## WHAT TO WORK ON
Could you set down the records below exactly as they are, with no pictures?

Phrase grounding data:
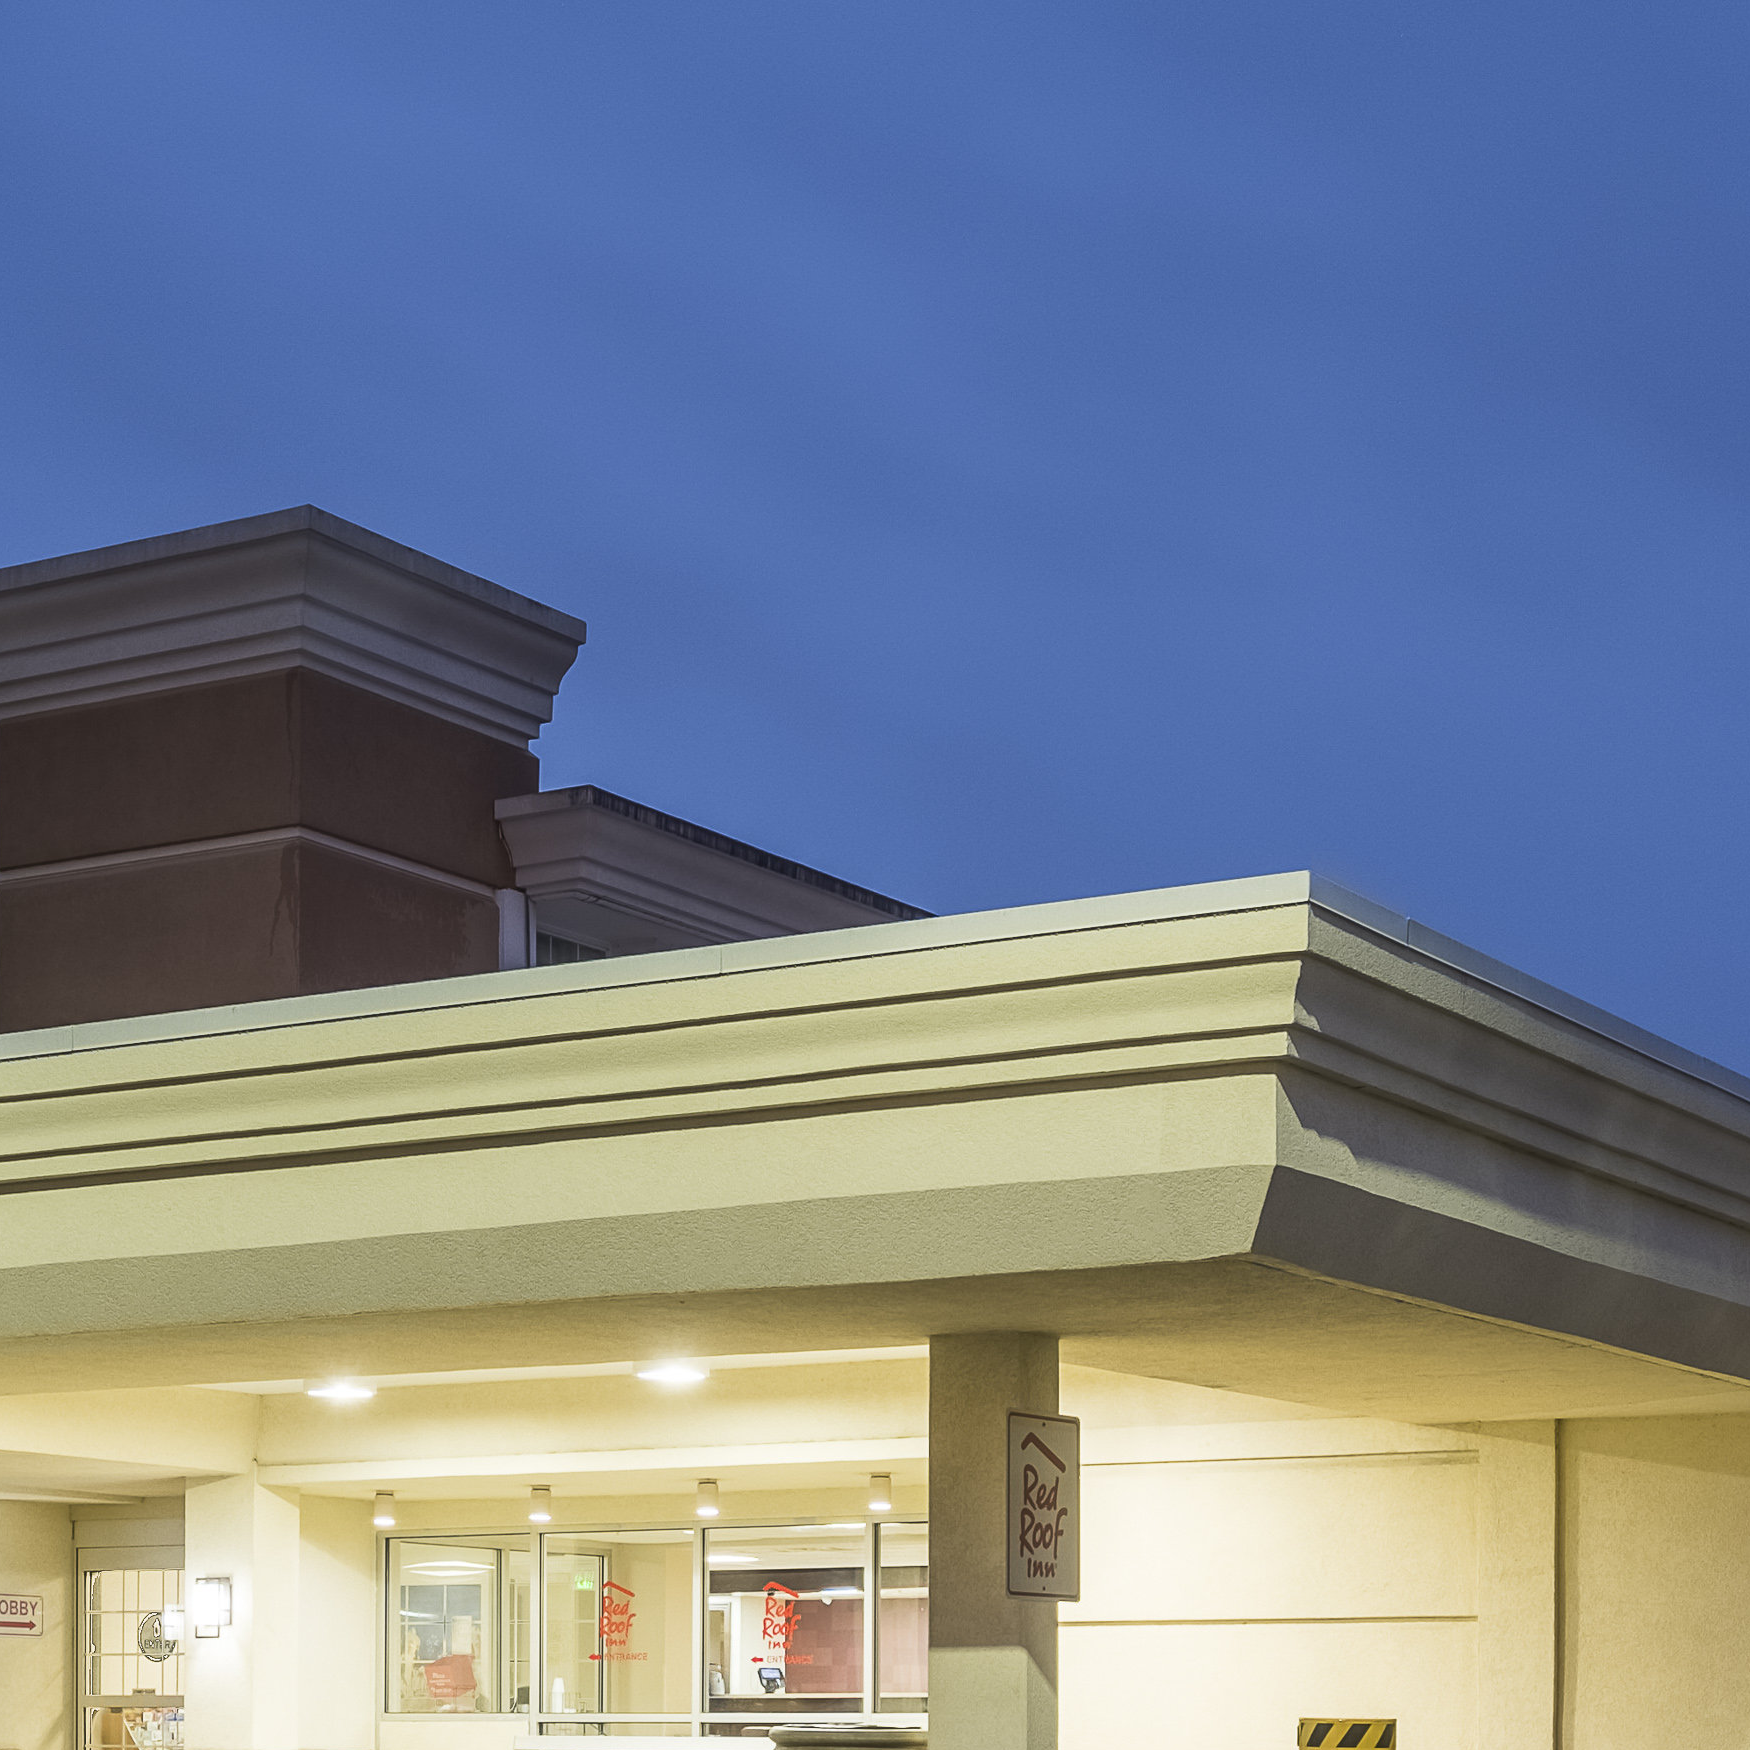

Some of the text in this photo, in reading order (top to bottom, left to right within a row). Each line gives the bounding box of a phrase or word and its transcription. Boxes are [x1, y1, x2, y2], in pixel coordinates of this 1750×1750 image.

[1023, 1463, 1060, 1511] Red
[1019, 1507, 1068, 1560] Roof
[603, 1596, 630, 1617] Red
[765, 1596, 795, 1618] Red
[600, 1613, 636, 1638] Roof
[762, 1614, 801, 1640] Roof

## OUTPUT FOR THIS EXERCISE
Some of the text in this photo, in reading order (top to bottom, left to right within a row). Each line gives the bounding box of a phrase or word and its transcription. Boxes are [x1, y1, x2, y2], in pixel coordinates of this 1750×1750 image.

[1023, 1463, 1060, 1511] Red
[1019, 1507, 1068, 1560] Roof
[603, 1596, 630, 1617] Red
[765, 1596, 795, 1618] Red
[600, 1613, 636, 1638] Roof
[762, 1614, 801, 1640] Roof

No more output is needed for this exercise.